» What the task requires
In full and unchanged, output the entries that follow.

» Data to examine

○ ○ ○ ○ ○

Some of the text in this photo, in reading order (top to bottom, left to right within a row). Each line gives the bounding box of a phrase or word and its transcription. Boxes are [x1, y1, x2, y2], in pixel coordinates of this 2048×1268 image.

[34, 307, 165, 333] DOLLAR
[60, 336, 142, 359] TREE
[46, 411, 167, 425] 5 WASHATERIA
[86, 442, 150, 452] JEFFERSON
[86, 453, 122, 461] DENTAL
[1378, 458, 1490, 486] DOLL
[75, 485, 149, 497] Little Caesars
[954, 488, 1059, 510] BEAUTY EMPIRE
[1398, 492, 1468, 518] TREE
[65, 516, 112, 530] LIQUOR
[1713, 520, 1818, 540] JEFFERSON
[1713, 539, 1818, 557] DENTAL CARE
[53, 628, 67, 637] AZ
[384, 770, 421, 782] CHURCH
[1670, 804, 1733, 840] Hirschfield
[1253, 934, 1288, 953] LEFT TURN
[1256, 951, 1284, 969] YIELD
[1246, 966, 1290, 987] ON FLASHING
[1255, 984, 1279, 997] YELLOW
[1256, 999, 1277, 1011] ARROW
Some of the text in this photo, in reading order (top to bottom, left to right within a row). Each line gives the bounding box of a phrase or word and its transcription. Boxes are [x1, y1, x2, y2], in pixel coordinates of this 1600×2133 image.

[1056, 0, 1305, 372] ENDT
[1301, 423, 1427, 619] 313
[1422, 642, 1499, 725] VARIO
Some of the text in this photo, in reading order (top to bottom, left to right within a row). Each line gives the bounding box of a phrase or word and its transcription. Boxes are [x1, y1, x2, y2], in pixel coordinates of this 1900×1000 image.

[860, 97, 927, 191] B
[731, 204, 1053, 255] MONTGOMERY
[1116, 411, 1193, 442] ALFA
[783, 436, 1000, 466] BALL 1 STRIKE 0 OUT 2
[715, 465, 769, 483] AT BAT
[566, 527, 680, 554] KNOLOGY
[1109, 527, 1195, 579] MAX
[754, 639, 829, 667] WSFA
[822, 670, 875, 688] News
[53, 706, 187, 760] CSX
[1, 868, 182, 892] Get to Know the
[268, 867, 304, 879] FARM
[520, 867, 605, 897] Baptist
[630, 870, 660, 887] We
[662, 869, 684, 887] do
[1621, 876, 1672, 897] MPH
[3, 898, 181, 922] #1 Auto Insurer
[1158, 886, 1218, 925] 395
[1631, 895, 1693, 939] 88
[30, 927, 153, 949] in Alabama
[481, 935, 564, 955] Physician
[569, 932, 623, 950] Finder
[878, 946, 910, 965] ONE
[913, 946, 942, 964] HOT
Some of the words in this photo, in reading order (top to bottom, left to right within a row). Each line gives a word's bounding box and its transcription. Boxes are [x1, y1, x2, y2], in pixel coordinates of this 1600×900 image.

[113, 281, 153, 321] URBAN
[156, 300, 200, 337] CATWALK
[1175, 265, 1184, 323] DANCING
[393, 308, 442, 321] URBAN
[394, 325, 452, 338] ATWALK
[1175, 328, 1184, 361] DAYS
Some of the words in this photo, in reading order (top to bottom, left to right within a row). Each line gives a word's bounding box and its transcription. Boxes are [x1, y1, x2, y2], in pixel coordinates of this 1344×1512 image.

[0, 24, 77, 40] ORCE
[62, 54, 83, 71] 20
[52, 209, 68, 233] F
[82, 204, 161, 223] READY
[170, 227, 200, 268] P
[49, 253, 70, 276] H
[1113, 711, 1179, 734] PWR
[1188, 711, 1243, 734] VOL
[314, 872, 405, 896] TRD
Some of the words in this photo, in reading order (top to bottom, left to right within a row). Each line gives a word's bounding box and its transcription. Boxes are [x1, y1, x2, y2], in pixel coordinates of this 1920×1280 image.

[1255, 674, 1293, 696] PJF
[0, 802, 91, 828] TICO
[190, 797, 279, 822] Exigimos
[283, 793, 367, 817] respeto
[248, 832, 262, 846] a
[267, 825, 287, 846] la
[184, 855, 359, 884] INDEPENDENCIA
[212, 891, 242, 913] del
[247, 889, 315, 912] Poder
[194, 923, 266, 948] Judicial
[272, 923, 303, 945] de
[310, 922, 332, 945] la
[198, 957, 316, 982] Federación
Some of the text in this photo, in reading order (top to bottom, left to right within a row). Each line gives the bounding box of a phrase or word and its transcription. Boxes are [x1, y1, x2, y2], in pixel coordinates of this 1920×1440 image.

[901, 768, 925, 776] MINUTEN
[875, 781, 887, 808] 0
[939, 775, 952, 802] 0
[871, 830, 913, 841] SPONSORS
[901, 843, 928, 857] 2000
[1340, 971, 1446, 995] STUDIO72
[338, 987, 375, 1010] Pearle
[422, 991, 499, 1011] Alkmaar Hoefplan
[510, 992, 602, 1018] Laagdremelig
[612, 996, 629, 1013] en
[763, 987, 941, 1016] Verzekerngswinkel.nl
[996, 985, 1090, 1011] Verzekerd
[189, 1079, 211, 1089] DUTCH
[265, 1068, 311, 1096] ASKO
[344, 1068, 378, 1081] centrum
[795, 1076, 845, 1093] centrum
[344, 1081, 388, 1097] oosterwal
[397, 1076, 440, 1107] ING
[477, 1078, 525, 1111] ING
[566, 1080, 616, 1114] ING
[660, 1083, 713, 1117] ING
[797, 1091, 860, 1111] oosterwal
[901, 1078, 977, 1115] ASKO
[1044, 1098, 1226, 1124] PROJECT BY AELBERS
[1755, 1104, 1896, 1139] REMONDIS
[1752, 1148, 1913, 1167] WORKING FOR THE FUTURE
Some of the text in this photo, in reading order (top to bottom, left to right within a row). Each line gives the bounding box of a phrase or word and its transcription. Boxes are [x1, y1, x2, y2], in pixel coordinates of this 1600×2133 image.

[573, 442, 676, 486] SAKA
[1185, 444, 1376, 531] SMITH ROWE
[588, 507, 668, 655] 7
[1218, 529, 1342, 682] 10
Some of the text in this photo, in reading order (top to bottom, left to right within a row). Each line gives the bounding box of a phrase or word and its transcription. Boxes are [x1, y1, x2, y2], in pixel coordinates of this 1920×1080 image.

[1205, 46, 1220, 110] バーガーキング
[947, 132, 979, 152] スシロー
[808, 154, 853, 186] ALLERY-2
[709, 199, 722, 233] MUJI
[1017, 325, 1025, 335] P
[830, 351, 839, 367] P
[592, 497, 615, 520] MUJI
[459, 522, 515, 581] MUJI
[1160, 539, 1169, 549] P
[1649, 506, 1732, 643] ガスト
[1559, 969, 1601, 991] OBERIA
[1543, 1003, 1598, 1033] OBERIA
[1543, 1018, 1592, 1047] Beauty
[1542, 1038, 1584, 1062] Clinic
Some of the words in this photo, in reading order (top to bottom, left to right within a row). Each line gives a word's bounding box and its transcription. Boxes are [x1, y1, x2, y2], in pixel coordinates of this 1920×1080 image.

○ ○ ○ ○ ○

» Your response
Some of the text in this photo, in reading order (top to bottom, left to right within a row). Each line gives the bounding box of a phrase or word and its transcription. Boxes are [x1, y1, x2, y2], in pixel coordinates of this 2048×1268 image.

[34, 307, 165, 333] DOLLAR
[60, 336, 142, 359] TREE
[46, 411, 167, 425] 5 WASHATERIA
[86, 442, 150, 452] JEFFERSON
[86, 453, 122, 461] DENTAL
[1378, 458, 1490, 486] DOLL
[75, 485, 149, 497] Little Caesars
[954, 488, 1059, 510] BEAUTY EMPIRE
[1398, 492, 1468, 518] TREE
[65, 516, 112, 530] LIQUOR
[1713, 520, 1818, 540] JEFFERSON
[1713, 539, 1818, 557] DENTAL CARE
[53, 628, 67, 637] AZ
[384, 770, 421, 782] CHURCH
[1670, 804, 1733, 840] Hirschfield
[1253, 934, 1288, 953] LEFT TURN
[1256, 951, 1284, 969] YIELD
[1246, 966, 1290, 987] ON FLASHING
[1255, 984, 1279, 997] YELLOW
[1256, 999, 1277, 1011] ARROW
Some of the text in this photo, in reading order (top to bottom, left to right within a row). Each line gives the bounding box of a phrase or word and its transcription. Boxes are [x1, y1, x2, y2], in pixel coordinates of this 1600×2133 image.

[1056, 0, 1305, 372] ENDT
[1301, 423, 1427, 619] 313
[1422, 642, 1499, 725] VARIO
Some of the text in this photo, in reading order (top to bottom, left to right within a row). Each line gives the bounding box of a phrase or word and its transcription. Boxes are [x1, y1, x2, y2], in pixel coordinates of this 1900×1000 image.

[860, 97, 927, 191] B
[731, 204, 1053, 255] MONTGOMERY
[1116, 411, 1193, 442] ALFA
[783, 436, 1000, 466] BALL 1 STRIKE 0 OUT 2
[715, 465, 769, 483] AT BAT
[566, 527, 680, 554] KNOLOGY
[1109, 527, 1195, 579] MAX
[754, 639, 829, 667] WSFA
[822, 670, 875, 688] News
[53, 706, 187, 760] CSX
[1, 868, 182, 892] Get to Know the
[268, 867, 304, 879] FARM
[520, 867, 605, 897] Baptist
[630, 870, 660, 887] We
[662, 869, 684, 887] do
[1621, 876, 1672, 897] MPH
[3, 898, 181, 922] #1 Auto Insurer
[1158, 886, 1218, 925] 395
[1631, 895, 1693, 939] 88
[30, 927, 153, 949] in Alabama
[481, 935, 564, 955] Physician
[569, 932, 623, 950] Finder
[878, 946, 910, 965] ONE
[913, 946, 942, 964] HOT
Some of the words in this photo, in reading order (top to bottom, left to right within a row). Each line gives a word's bounding box and its transcription. Boxes are [x1, y1, x2, y2], in pixel coordinates of this 1600×900 image.

[113, 281, 153, 321] URBAN
[156, 300, 200, 337] CATWALK
[1175, 265, 1184, 323] DANCING
[393, 308, 442, 321] URBAN
[394, 325, 452, 338] ATWALK
[1175, 328, 1184, 361] DAYS
Some of the words in this photo, in reading order (top to bottom, left to right within a row). Each line gives a word's bounding box and its transcription. Boxes are [x1, y1, x2, y2], in pixel coordinates of this 1344×1512 image.

[0, 24, 77, 40] ORCE
[62, 54, 83, 71] 20
[52, 209, 68, 233] F
[82, 204, 161, 223] READY
[170, 227, 200, 268] P
[49, 253, 70, 276] H
[1113, 711, 1179, 734] PWR
[1188, 711, 1243, 734] VOL
[314, 872, 405, 896] TRD
Some of the words in this photo, in reading order (top to bottom, left to right within a row). Each line gives a word's bounding box and its transcription. Boxes are [x1, y1, x2, y2], in pixel coordinates of this 1920×1280 image.

[1255, 674, 1293, 696] PJF
[0, 802, 91, 828] TICO
[190, 797, 279, 822] Exigimos
[283, 793, 367, 817] respeto
[248, 832, 262, 846] a
[267, 825, 287, 846] la
[184, 855, 359, 884] INDEPENDENCIA
[212, 891, 242, 913] del
[247, 889, 315, 912] Poder
[194, 923, 266, 948] Judicial
[272, 923, 303, 945] de
[310, 922, 332, 945] la
[198, 957, 316, 982] Federación
Some of the text in this photo, in reading order (top to bottom, left to right within a row). Each line gives the bounding box of a phrase or word and its transcription. Boxes are [x1, y1, x2, y2], in pixel coordinates of this 1920×1440 image.

[901, 768, 925, 776] MINUTEN
[875, 781, 887, 808] 0
[939, 775, 952, 802] 0
[871, 830, 913, 841] SPONSORS
[901, 843, 928, 857] 2000
[1340, 971, 1446, 995] STUDIO72
[338, 987, 375, 1010] Pearle
[422, 991, 499, 1011] Alkmaar Hoefplan
[510, 992, 602, 1018] Laagdremelig
[612, 996, 629, 1013] en
[763, 987, 941, 1016] Verzekerngswinkel.nl
[996, 985, 1090, 1011] Verzekerd
[189, 1079, 211, 1089] DUTCH
[265, 1068, 311, 1096] ASKO
[344, 1068, 378, 1081] centrum
[795, 1076, 845, 1093] centrum
[344, 1081, 388, 1097] oosterwal
[397, 1076, 440, 1107] ING
[477, 1078, 525, 1111] ING
[566, 1080, 616, 1114] ING
[660, 1083, 713, 1117] ING
[797, 1091, 860, 1111] oosterwal
[901, 1078, 977, 1115] ASKO
[1044, 1098, 1226, 1124] PROJECT BY AELBERS
[1755, 1104, 1896, 1139] REMONDIS
[1752, 1148, 1913, 1167] WORKING FOR THE FUTURE
Some of the text in this photo, in reading order (top to bottom, left to right within a row). Each line gives the bounding box of a phrase or word and its transcription. Boxes are [x1, y1, x2, y2], in pixel coordinates of this 1600×2133 image.

[573, 442, 676, 486] SAKA
[1185, 444, 1376, 531] SMITH ROWE
[588, 507, 668, 655] 7
[1218, 529, 1342, 682] 10
Some of the text in this photo, in reading order (top to bottom, left to right within a row). Each line gives the bounding box of a phrase or word and its transcription. Boxes are [x1, y1, x2, y2], in pixel coordinates of this 1920×1080 image.

[1205, 46, 1220, 110] バーガーキング
[947, 132, 979, 152] スシロー
[808, 154, 853, 186] ALLERY-2
[709, 199, 722, 233] MUJI
[1017, 325, 1025, 335] P
[830, 351, 839, 367] P
[592, 497, 615, 520] MUJI
[459, 522, 515, 581] MUJI
[1160, 539, 1169, 549] P
[1649, 506, 1732, 643] ガスト
[1559, 969, 1601, 991] OBERIA
[1543, 1003, 1598, 1033] OBERIA
[1543, 1018, 1592, 1047] Beauty
[1542, 1038, 1584, 1062] Clinic
Some of the words in this photo, in reading order (top to bottom, left to right within a row). Each line gives a word's bounding box and its transcription. Boxes are [x1, y1, x2, y2], in pixel coordinates of this 1920×1080 image.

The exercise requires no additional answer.